WORK TO COMPLETE
Reproduce the whole of the records exactly, and make sure no picture is carried into the result.

DATASET CONTENT
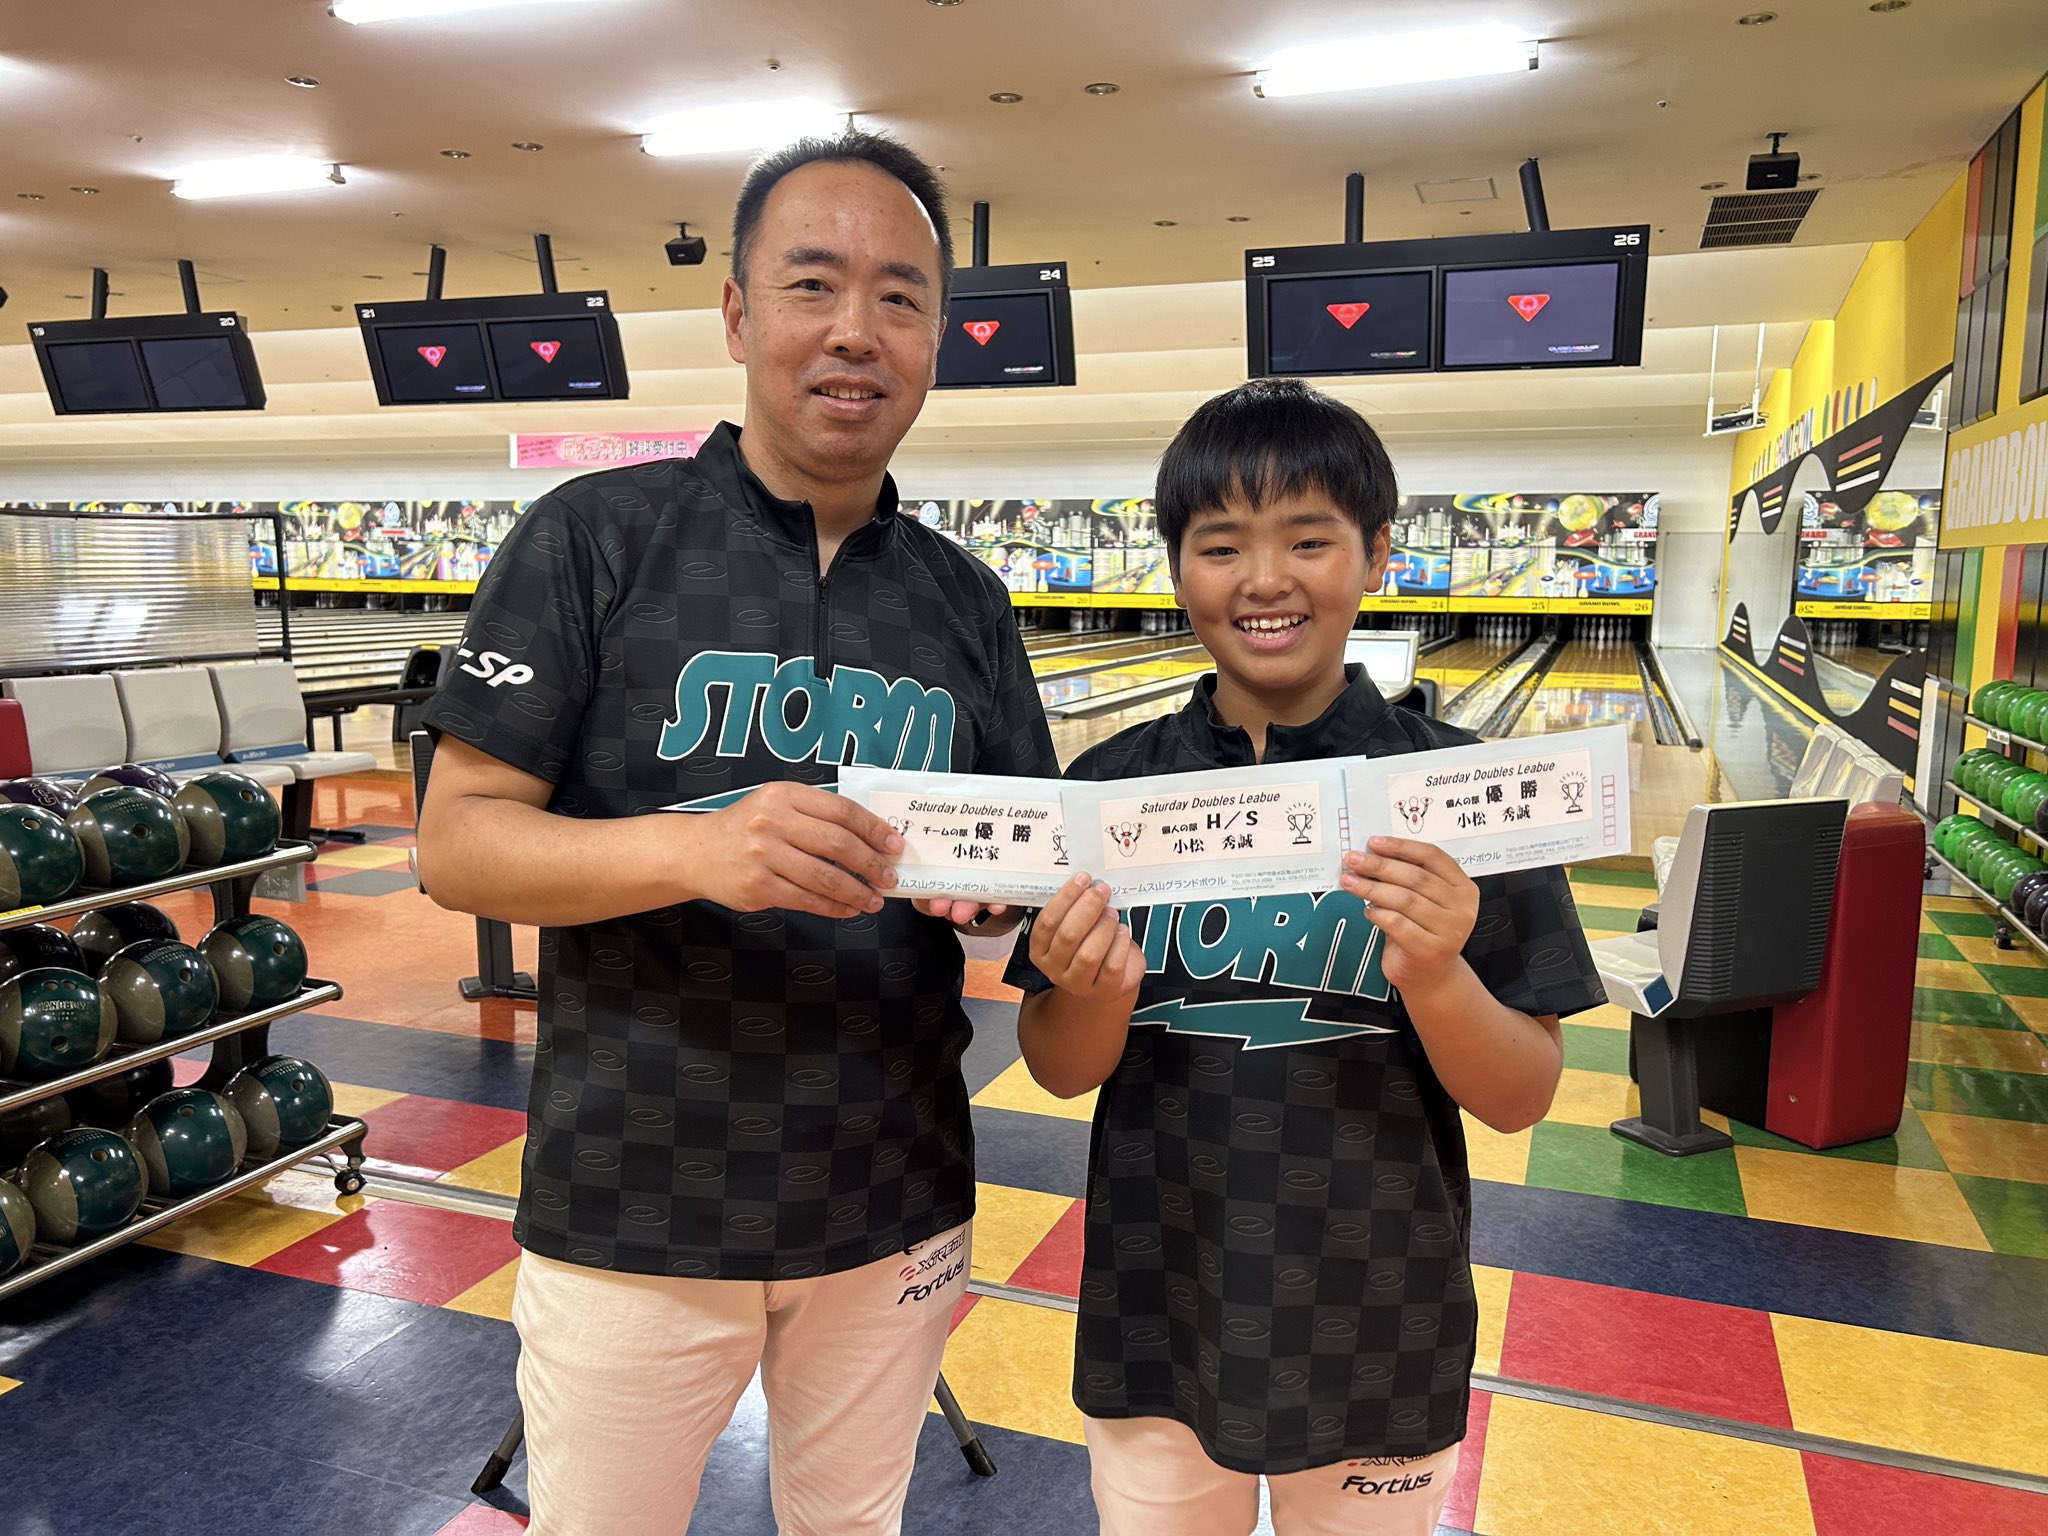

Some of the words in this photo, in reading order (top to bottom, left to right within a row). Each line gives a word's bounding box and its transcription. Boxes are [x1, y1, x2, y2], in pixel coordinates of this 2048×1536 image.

[1613, 233, 1641, 247] 26
[1251, 255, 1276, 268] 25
[1039, 269, 1062, 281] 24
[586, 296, 605, 308] 22
[219, 317, 236, 327] 20
[361, 308, 376, 319] 21
[657, 650, 956, 774] STORM
[1425, 772, 1471, 788] Saturday
[1473, 766, 1515, 781] Doubles
[908, 799, 958, 815] Saturday
[959, 803, 1005, 817] Doubles
[1140, 799, 1189, 814] Saturday
[1191, 795, 1236, 809] Doubles
[1456, 811, 1487, 829] 小松
[952, 843, 1000, 861] 小松家
[1173, 838, 1205, 854] 小松
[896, 878, 990, 893] ムス山グランドボウル
[1112, 876, 1227, 896] ジェームス山グランドボウル
[1121, 889, 1392, 1002] TORM
[897, 1256, 965, 1305] Fortius
[1341, 1471, 1434, 1495] Fortius
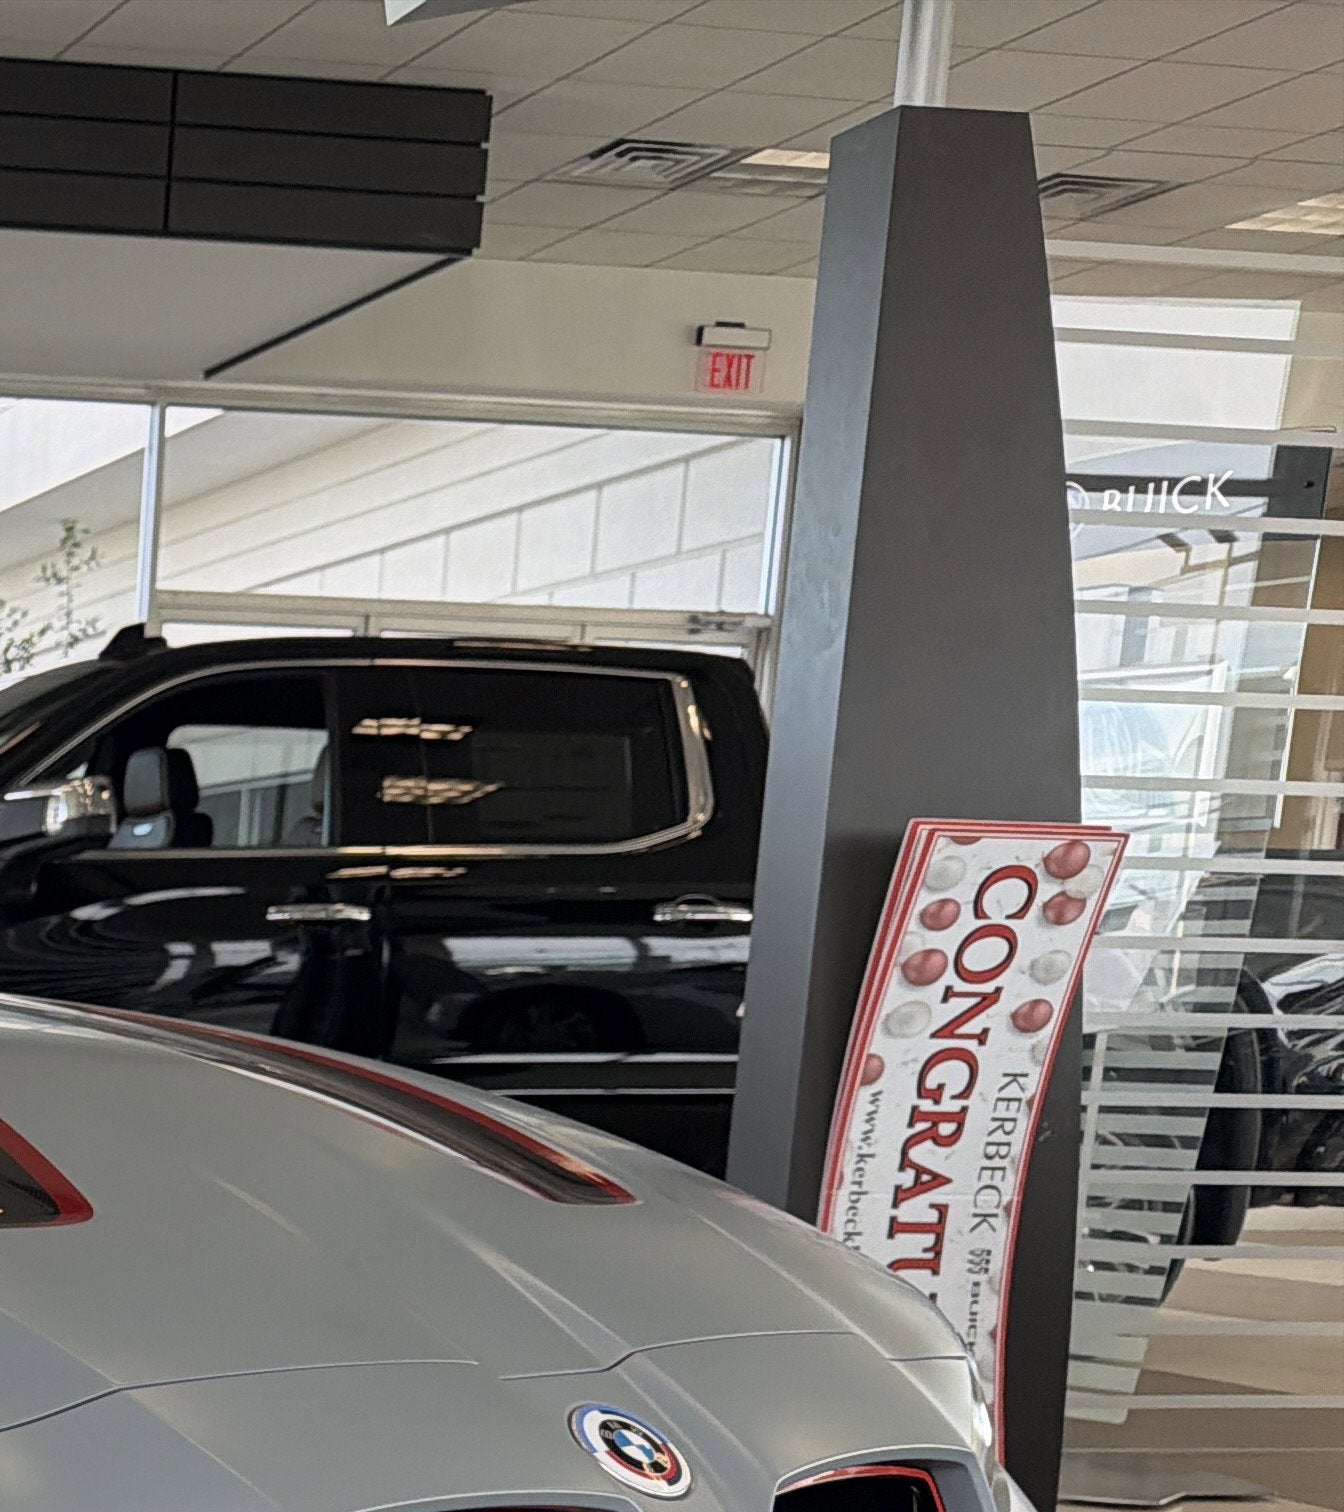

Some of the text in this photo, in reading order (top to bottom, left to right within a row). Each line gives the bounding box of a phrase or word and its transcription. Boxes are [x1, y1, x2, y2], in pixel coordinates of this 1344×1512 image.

[709, 351, 755, 390] EXIT
[842, 1089, 883, 1252] www.kerbeck
[968, 1072, 1029, 1233] KERBECK
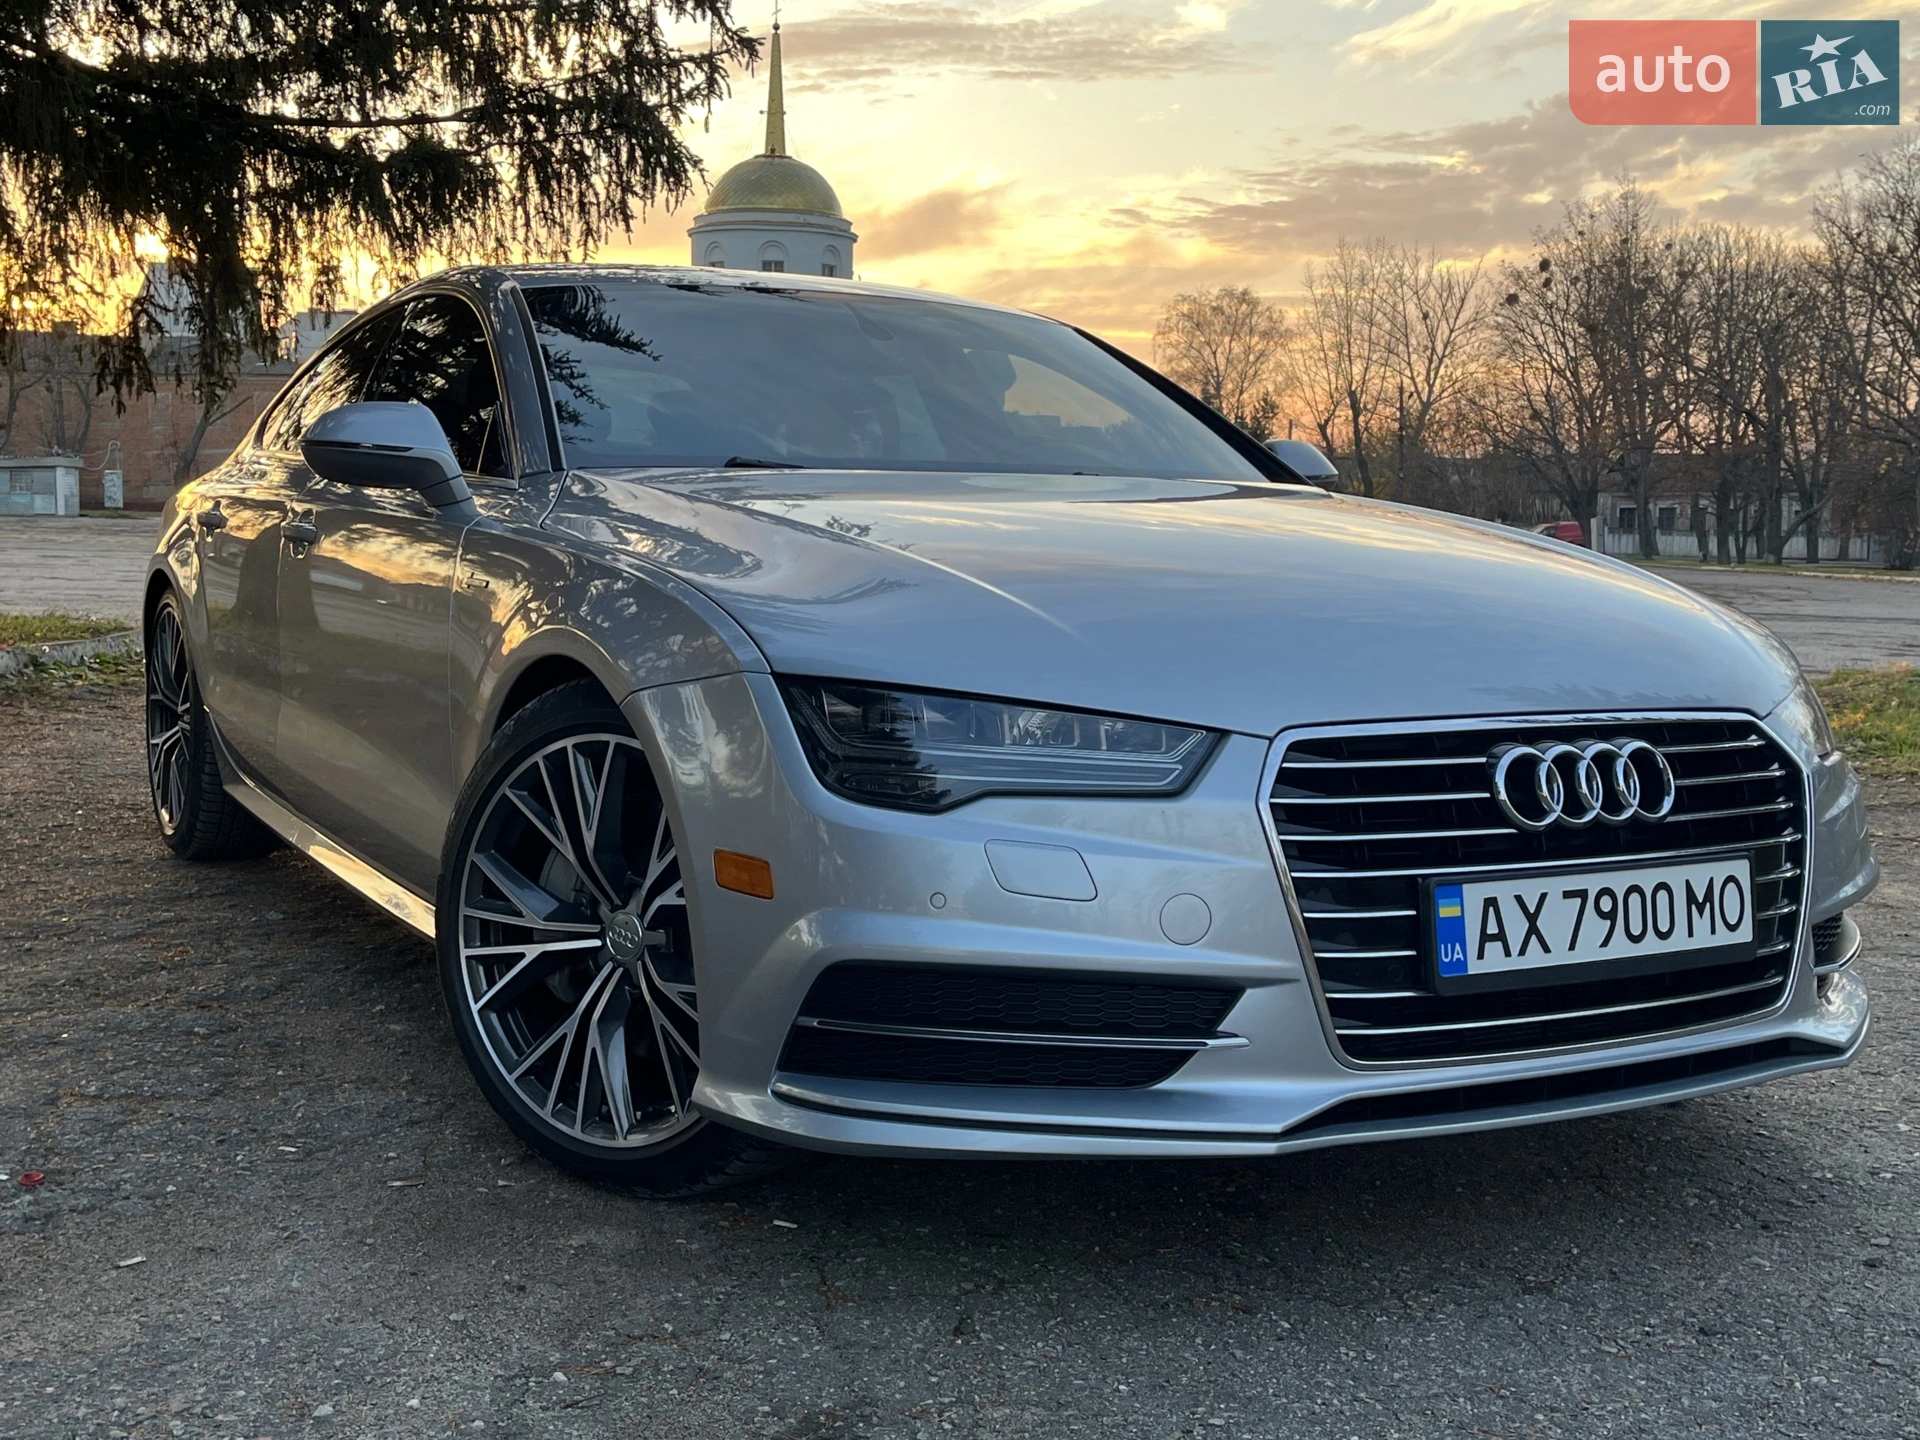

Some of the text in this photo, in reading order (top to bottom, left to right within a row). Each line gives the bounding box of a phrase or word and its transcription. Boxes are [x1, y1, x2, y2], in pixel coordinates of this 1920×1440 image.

[1476, 874, 1746, 961] AX 7900 MO
[1440, 943, 1465, 963] UA

ANSWER AREA
Some of the words in this photo, in reading order (top to bottom, left to right within a row). Each line gives a word's bounding box and its transcription. Boxes are [x1, y1, x2, y2], in pixel coordinates of this 2048×1536 image.

[1613, 233, 1641, 247] 26
[1251, 255, 1276, 268] 25
[1039, 269, 1062, 281] 24
[586, 296, 605, 308] 22
[219, 317, 236, 327] 20
[361, 308, 376, 319] 21
[657, 650, 956, 774] STORM
[1425, 772, 1471, 788] Saturday
[1473, 766, 1515, 781] Doubles
[908, 799, 958, 815] Saturday
[959, 803, 1005, 817] Doubles
[1140, 799, 1189, 814] Saturday
[1191, 795, 1236, 809] Doubles
[1456, 811, 1487, 829] 小松
[952, 843, 1000, 861] 小松家
[1173, 838, 1205, 854] 小松
[896, 878, 990, 893] ムス山グランドボウル
[1112, 876, 1227, 896] ジェームス山グランドボウル
[1121, 889, 1392, 1002] TORM
[897, 1256, 965, 1305] Fortius
[1341, 1471, 1434, 1495] Fortius

Some of the text in this photo, in reading order (top to bottom, left to right within a row). Each line gives the bounding box of a phrase or word and its transcription. Boxes are [x1, y1, x2, y2], in pixel coordinates of this 1344×1512 image.

[709, 351, 755, 390] EXIT
[842, 1089, 883, 1252] www.kerbeck
[968, 1072, 1029, 1233] KERBECK

Some of the text in this photo, in reading order (top to bottom, left to right within a row). Each line gives the bounding box of a phrase or word and its transcription. Boxes are [x1, y1, x2, y2], in pixel coordinates of this 1920×1440 image.

[1476, 874, 1746, 961] AX 7900 MO
[1440, 943, 1465, 963] UA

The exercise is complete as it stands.